What is needed.
Repeat each entry exactly and drop the pictures.

Data to use.

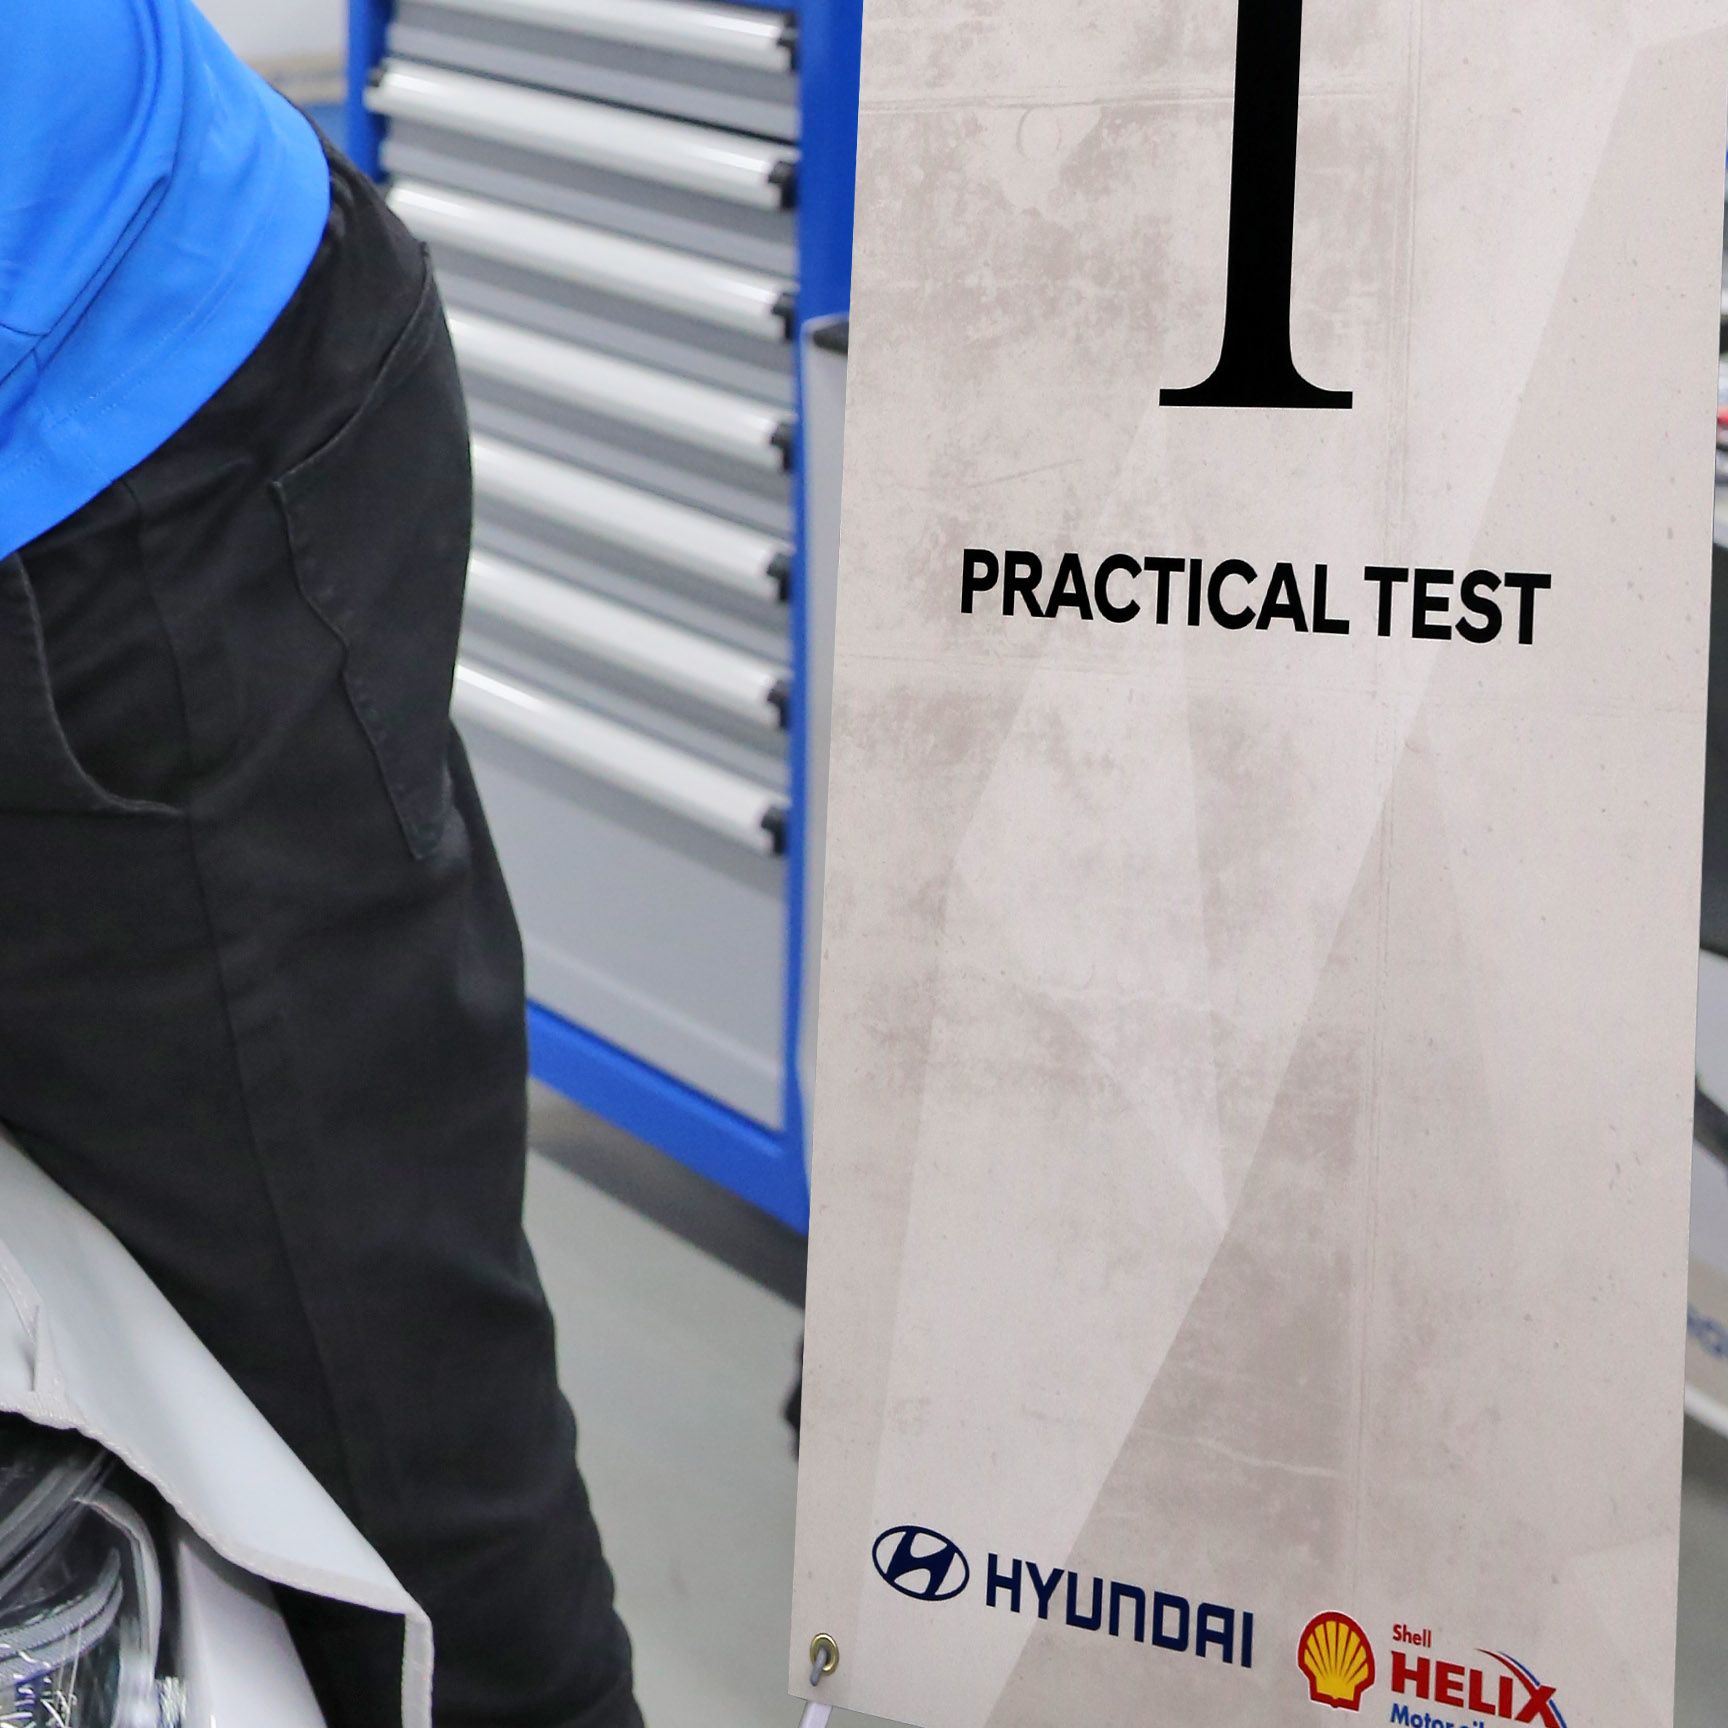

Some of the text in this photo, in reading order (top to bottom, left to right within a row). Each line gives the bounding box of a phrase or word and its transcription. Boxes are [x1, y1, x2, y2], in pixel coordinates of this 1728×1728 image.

[960, 548, 1552, 645] PRACTICAL TEST
[985, 1552, 1254, 1669] HYUNDAI
[1392, 1623, 1432, 1648] Shell
[1390, 1648, 1568, 1728] HELIX
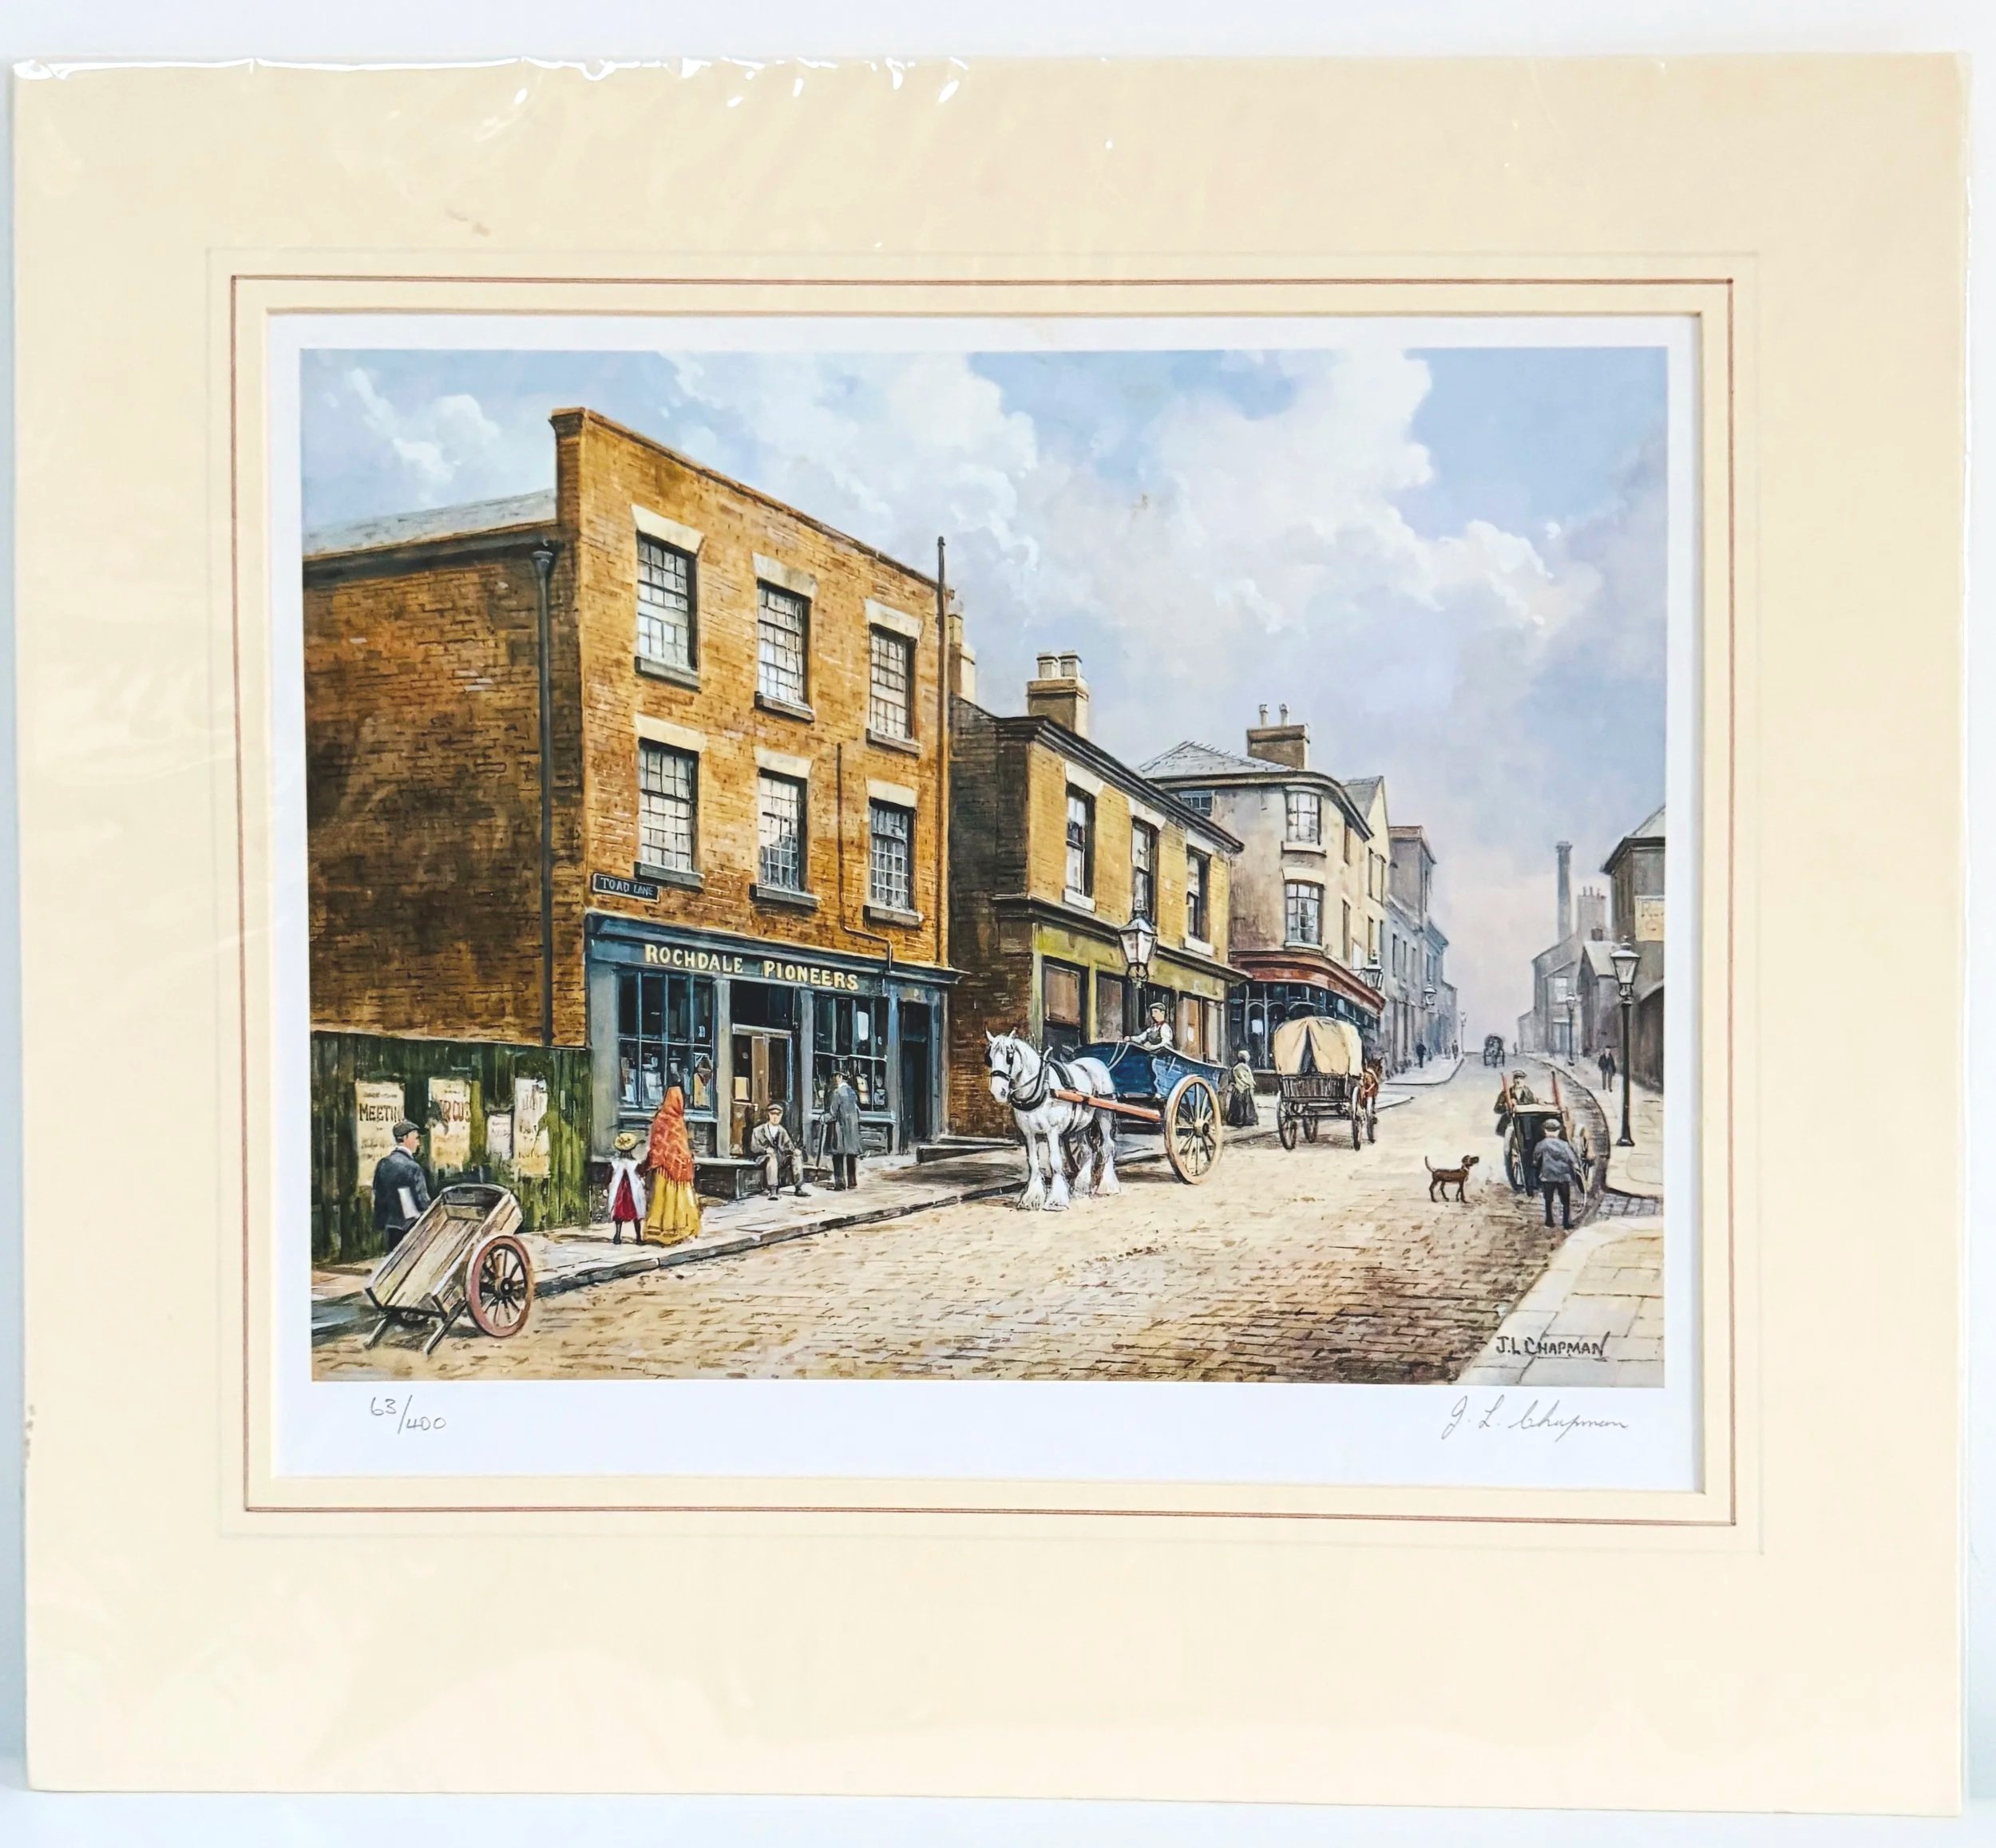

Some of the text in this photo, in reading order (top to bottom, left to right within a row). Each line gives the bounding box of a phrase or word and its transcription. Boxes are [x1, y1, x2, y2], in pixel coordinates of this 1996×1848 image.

[600, 877, 653, 896] TOAD LANE
[644, 944, 859, 991] ROCHDALE PIONEERS
[1523, 1331, 1610, 1357] CHAPMAN
[370, 1394, 447, 1435] 63/400
[1507, 1399, 1630, 1442] Chapman
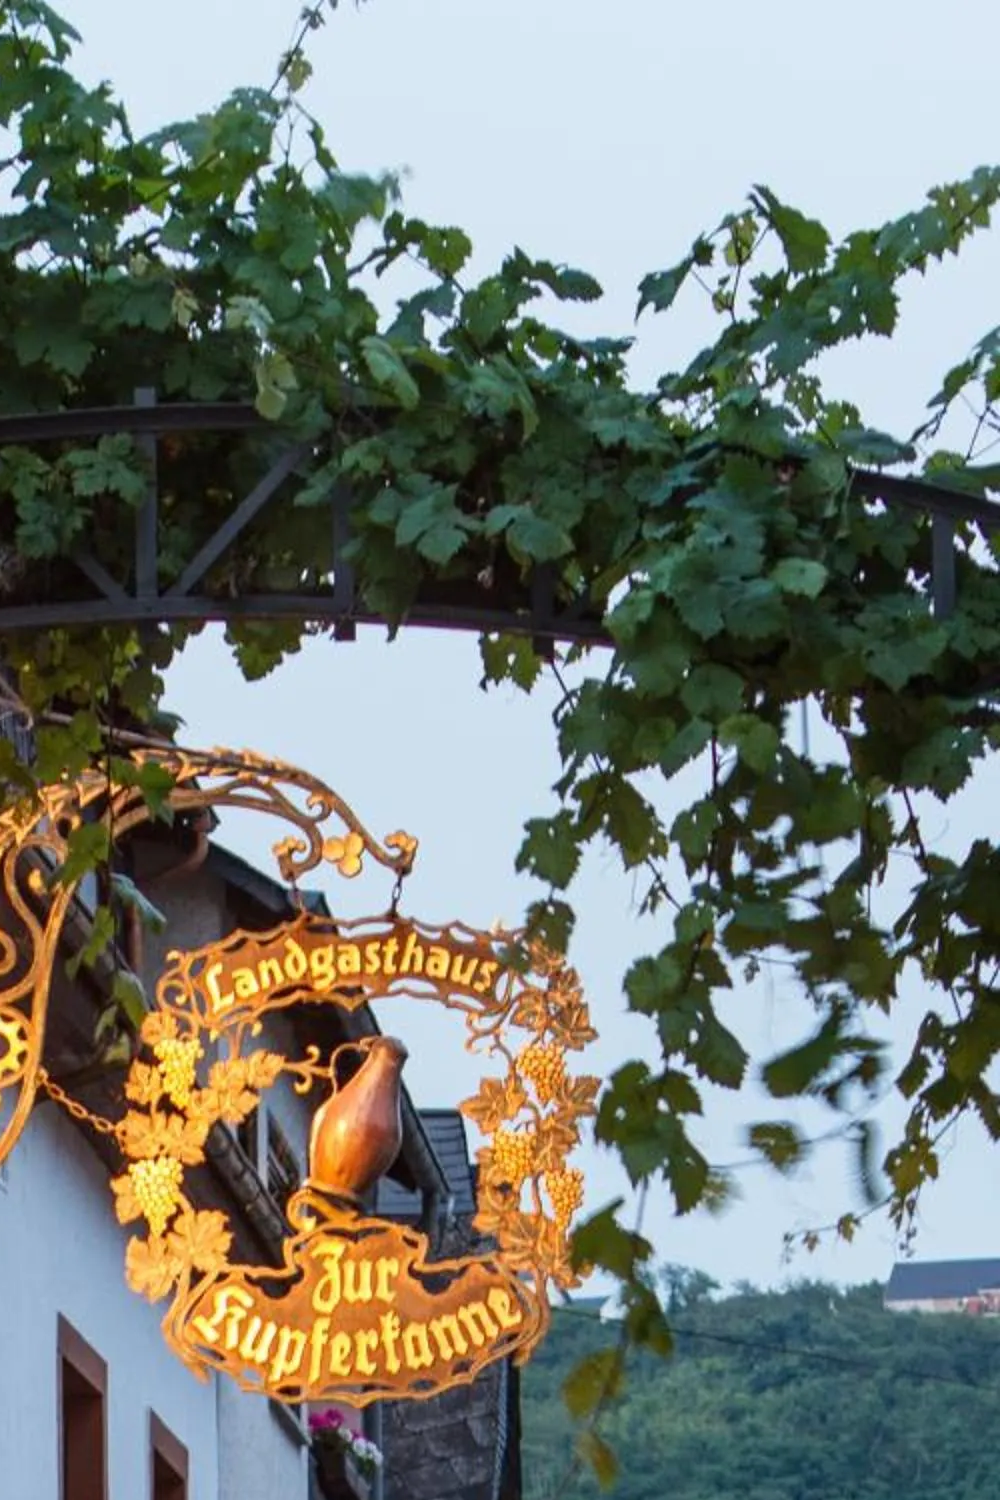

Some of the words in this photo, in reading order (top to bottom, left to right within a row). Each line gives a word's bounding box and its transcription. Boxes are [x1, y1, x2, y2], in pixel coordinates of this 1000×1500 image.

[205, 932, 498, 1009] Landgasthaus
[311, 1239, 399, 1311] Zur
[194, 1286, 522, 1384] Kupferkanne

Answer for the task.
Some of the text in this photo, in reading order (top to bottom, left to right within a row). Each line gives the bounding box of a phrase or word and its transcription. Boxes are [x1, y1, x2, y2], in pixel coordinates of this 1728×1728 image.

[960, 548, 1552, 645] PRACTICAL TEST
[985, 1552, 1254, 1669] HYUNDAI
[1392, 1623, 1432, 1648] Shell
[1390, 1648, 1568, 1728] HELIX

Some of the text in this photo, in reading order (top to bottom, left to right within a row). Each line gives the bounding box of a phrase or word and its transcription. Boxes are [x1, y1, x2, y2], in pixel coordinates of this 1996×1848 image.

[600, 877, 653, 896] TOAD LANE
[644, 944, 859, 991] ROCHDALE PIONEERS
[1523, 1331, 1610, 1357] CHAPMAN
[370, 1394, 447, 1435] 63/400
[1507, 1399, 1630, 1442] Chapman

Some of the words in this photo, in reading order (top to bottom, left to right within a row). Each line gives a word's bounding box and its transcription. Boxes are [x1, y1, x2, y2], in pixel coordinates of this 1000×1500 image.

[205, 932, 498, 1009] Landgasthaus
[311, 1239, 399, 1311] Zur
[194, 1286, 522, 1384] Kupferkanne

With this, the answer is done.